Mafia: On the Design of Social Deduction Agents and AI-Native Games.

tl;dr

We introduce HOLY GRAIL, a role-adaptive social deduction reasoning agent that excels in the game of Mafia. HOLY GRAIL is built on Mafia Gemma 4 12B, a Gemma 4 12B variant fine-tuned on a wide range of Mafia and social deduction gaming datasets, and it is evaluated in full multi-day Mafia games where agents must lie, detect, coordinate, protect, investigate, and vote under partial information.

A live game session between a human player and HOLY GRAIL agents.
A live game session between a human player and HOLY GRAIL agents.

Summary

This work was directly inspired from watching the Mafia game below.

Mafia is a hidden-role social deduction game. In our standard setup, there are seven players: two Mafia, one Detective, one Doctor, and three Villagers. The Mafia know each other and choose a victim at night. The Detective privately investigates one player. The Doctor privately protects one player. During the day, everyone alive talks, accuses, defends, bluffs, claims, and votes. The town wins if all Mafia are eliminated. Mafia wins once they equal or outnumber Town.

The flow of the game of Mafia.
The flow of the game of Mafia.

In social deduction games, such as Mafia, players act under partial knowledge, and success comes from the players ability to infer hidden information (in this case intent), deception (or detection of),theory of mind reasoning, and collective coordination, skills of which humans have in abundance.

The complex multi-agent interaction in social deduction games provide a test bed for evaluating Social cognition capabilities of AI agents.

This work expands upon previous work on Social deduction agents, and extends to the development of AI-native games.

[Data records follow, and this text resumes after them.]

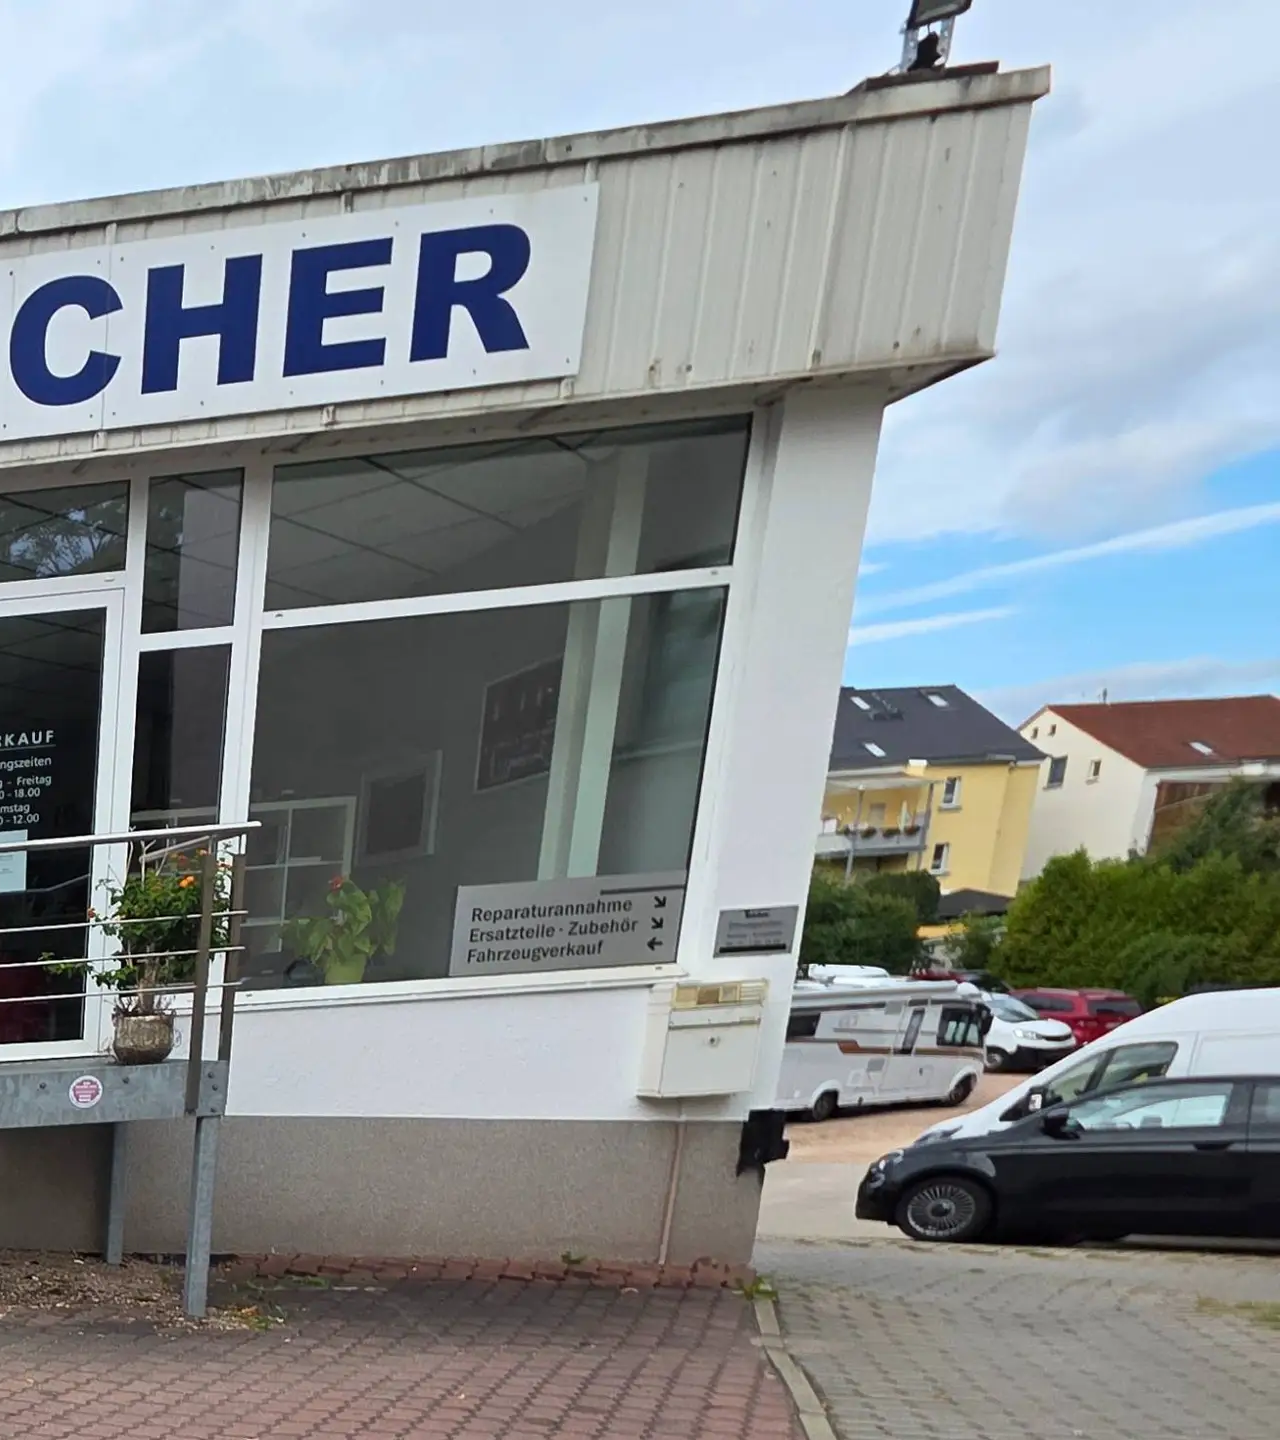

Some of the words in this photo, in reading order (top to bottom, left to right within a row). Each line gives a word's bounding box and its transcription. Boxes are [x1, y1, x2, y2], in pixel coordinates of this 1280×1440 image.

[16, 775, 52, 786] Freitag
[14, 787, 41, 798] 18.00
[12, 813, 40, 825] 12.00
[471, 899, 633, 924] Reparaturannahme
[469, 924, 555, 943] Ersatzteile
[567, 917, 638, 936] Zubehör
[467, 939, 603, 963] Fahrzeugverkauf

We define AI-native games as games where AI agents and models are both the load-bearing part of the experience in the game, and are actively used throughout the game development cycle: design, programming, prompting, testing, and iteration.

Background

This work builds on prior research in social deduction agents, multi-agent reasoning, and asynchronous agent communication. Earlier systems have shown that language models can participate in hidden-role games by forming beliefs about other players, producing persuasive dialogue, coordinating with allies, and updating strategies upon reception of new information. We use this prior work as the foundation for HOLY GRAIL, while extending the problem setting toward AI-native games: playable environments in which agents are not merely benchmark participants, but central components of the game experience, design process, and live interaction loop. We next summarize the prior systems and design ideas that shaped our approach, focusing on the agent architectures, communication patterns, and evaluation settings most relevant to Mafia.

Time-to-Talk: an asynchronous communication agent

The paper introduces an LLM agent for asynchronous group communication in online Mafia games. The adaptive asynchronous LLM agent consists of two modules: a generator that decides what to say, and a scheduler that decides when to say it.[1]

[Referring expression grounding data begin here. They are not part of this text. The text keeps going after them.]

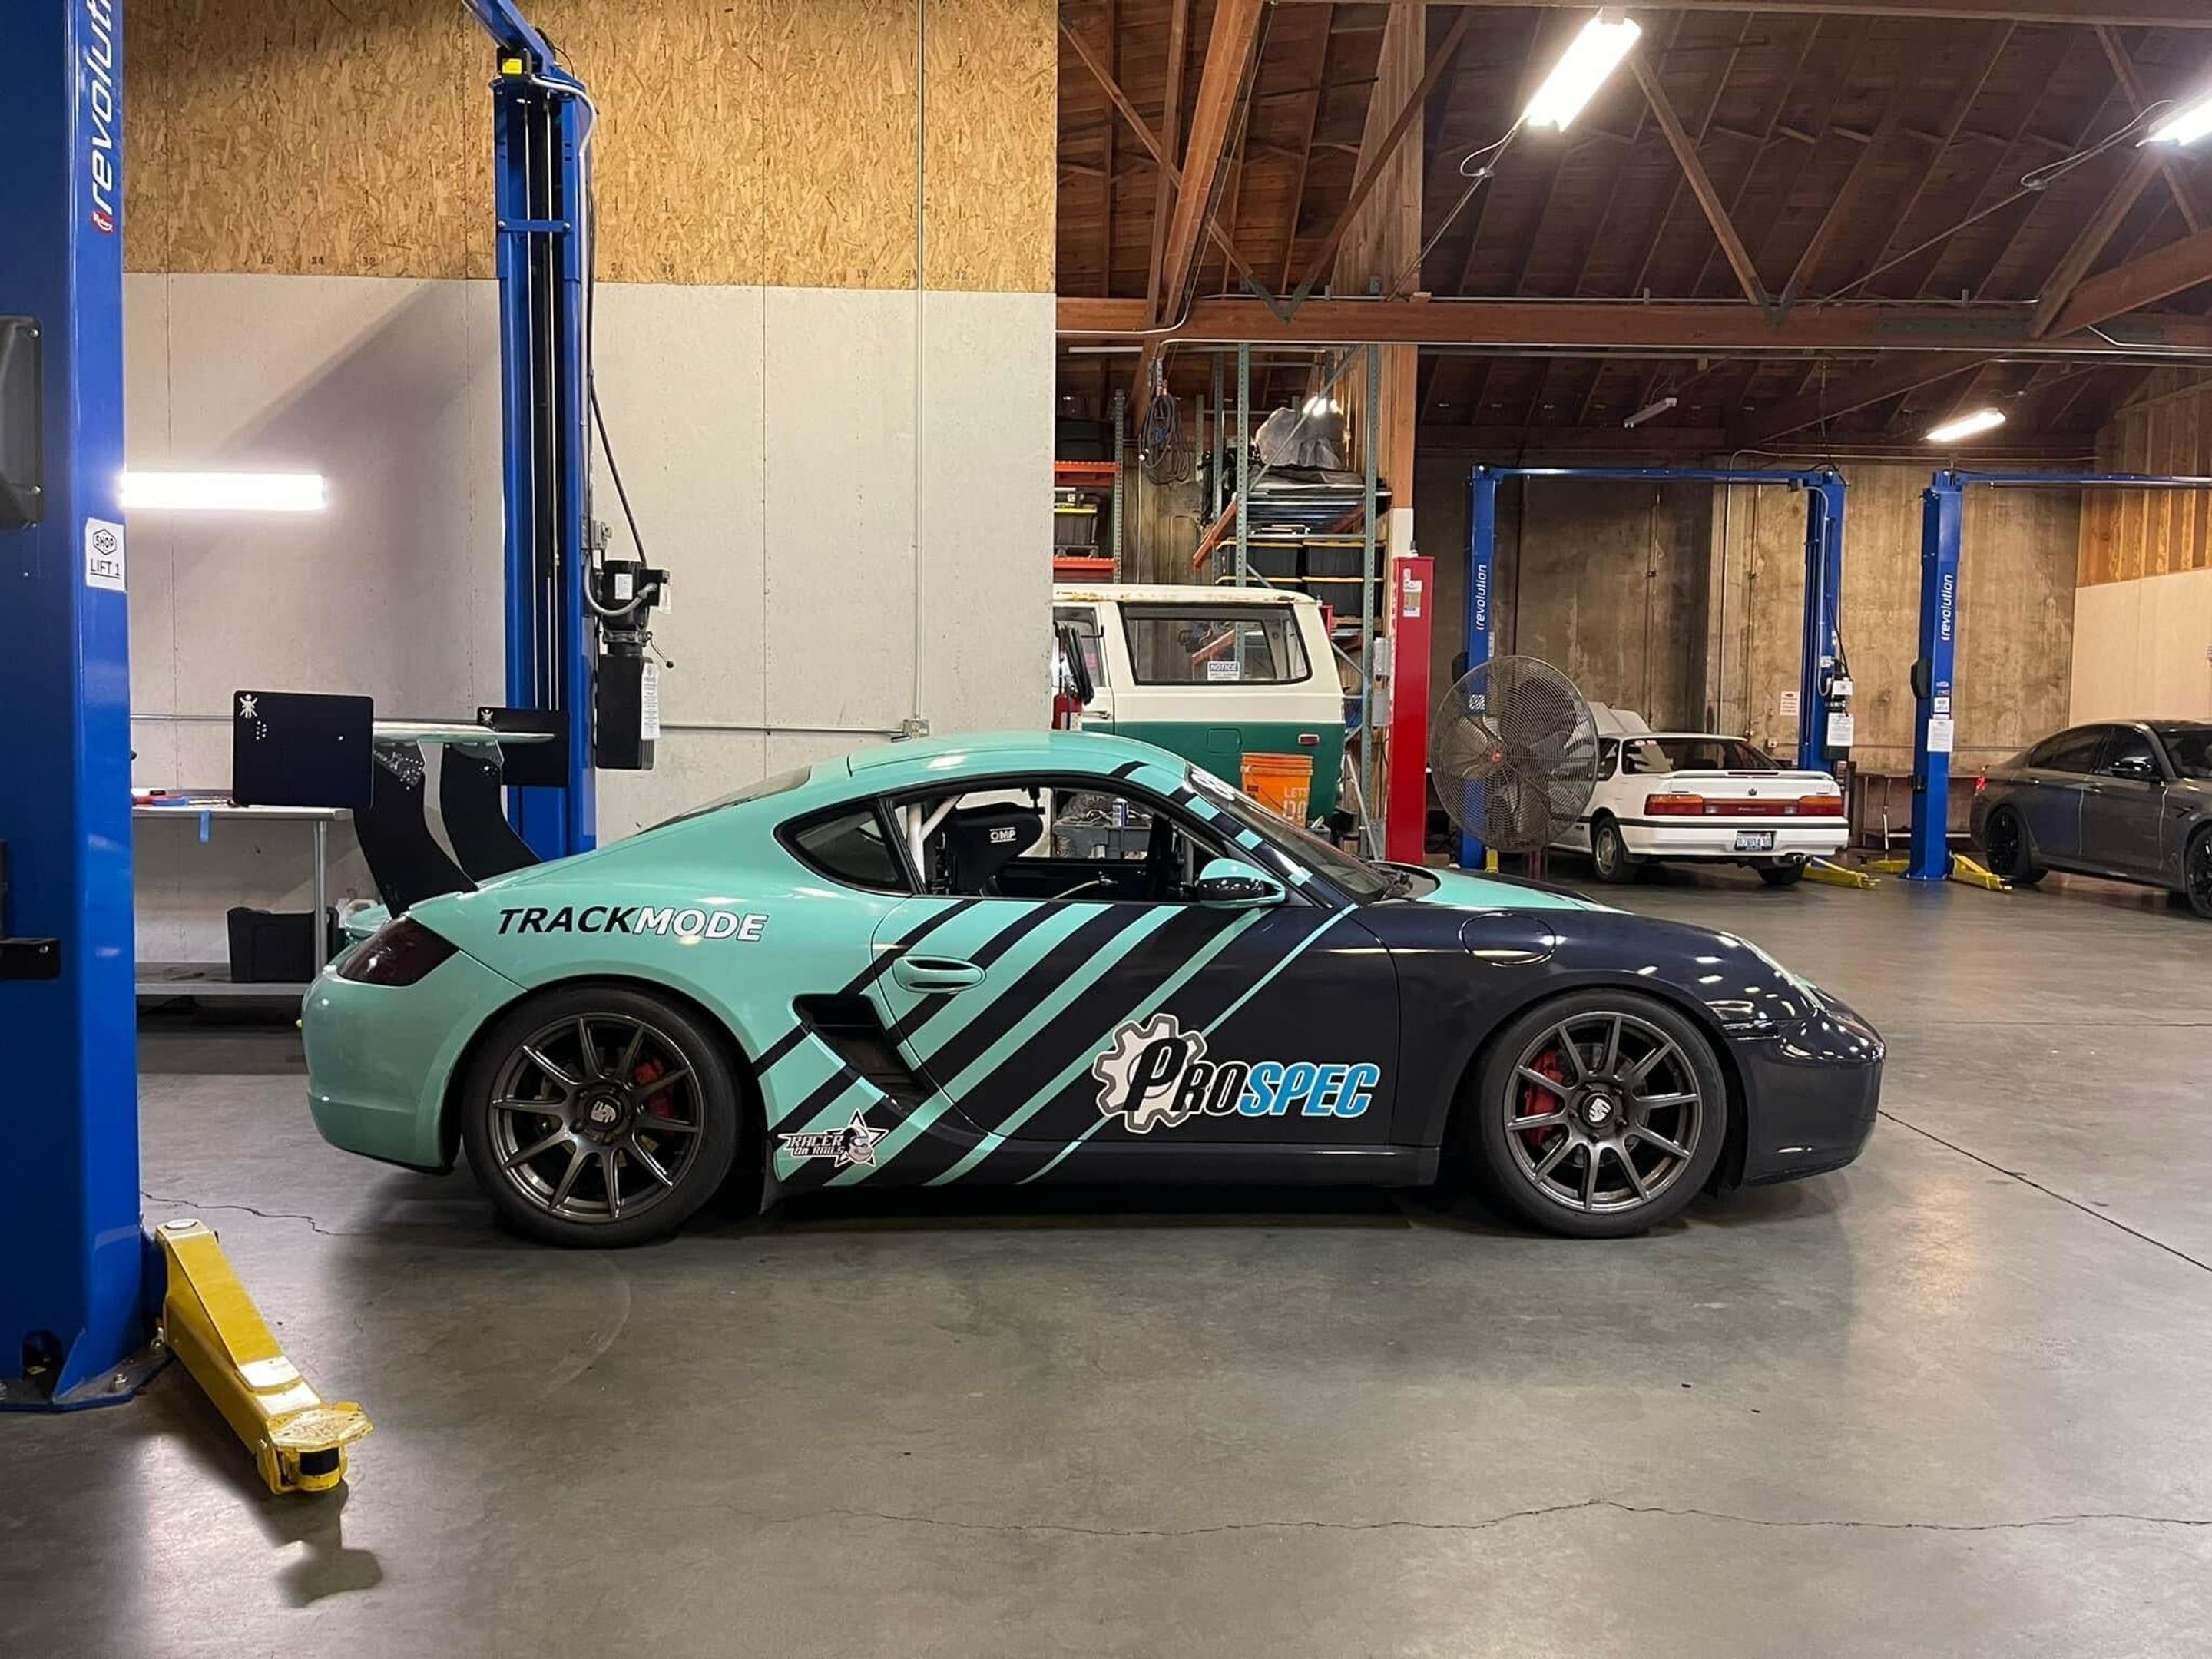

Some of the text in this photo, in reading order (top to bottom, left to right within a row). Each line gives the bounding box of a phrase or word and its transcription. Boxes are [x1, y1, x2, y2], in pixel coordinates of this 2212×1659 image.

[91, 558, 120, 576] LIFT 1
[1476, 564, 1487, 628] revolution
[1941, 574, 1953, 637] revolution
[990, 830, 1016, 840] OMP
[498, 906, 769, 942] TRACKMODE
[1121, 1037, 1381, 1118] PROSPEC
[790, 1134, 844, 1147] RACER
[812, 1146, 845, 1155] RAILS

We adapted the Time-to-Talk agent and used it for moderation between agents and humans in our Mafia game setup.

Time-to-Talk scheduler and generator architecture.
Agent consists of two LLM-based modules: the scheduler, deciding whether to post a message to the chat at a given moment, and the generator, which composes the message content.

Mini-Mafia: an analytic benchmark for deception, disclosure, and detection

Mini-Mafia is a four-player simplification of Mafia designed to make social interaction analytically measurable. The paper fixes the night phase so the game collapses to one critical day exchange among a mafioso, a detective, and a villager. That simplification isolates three role skills: the mafioso’s deception, the detective’s disclosure, and the villager’s detection.[2]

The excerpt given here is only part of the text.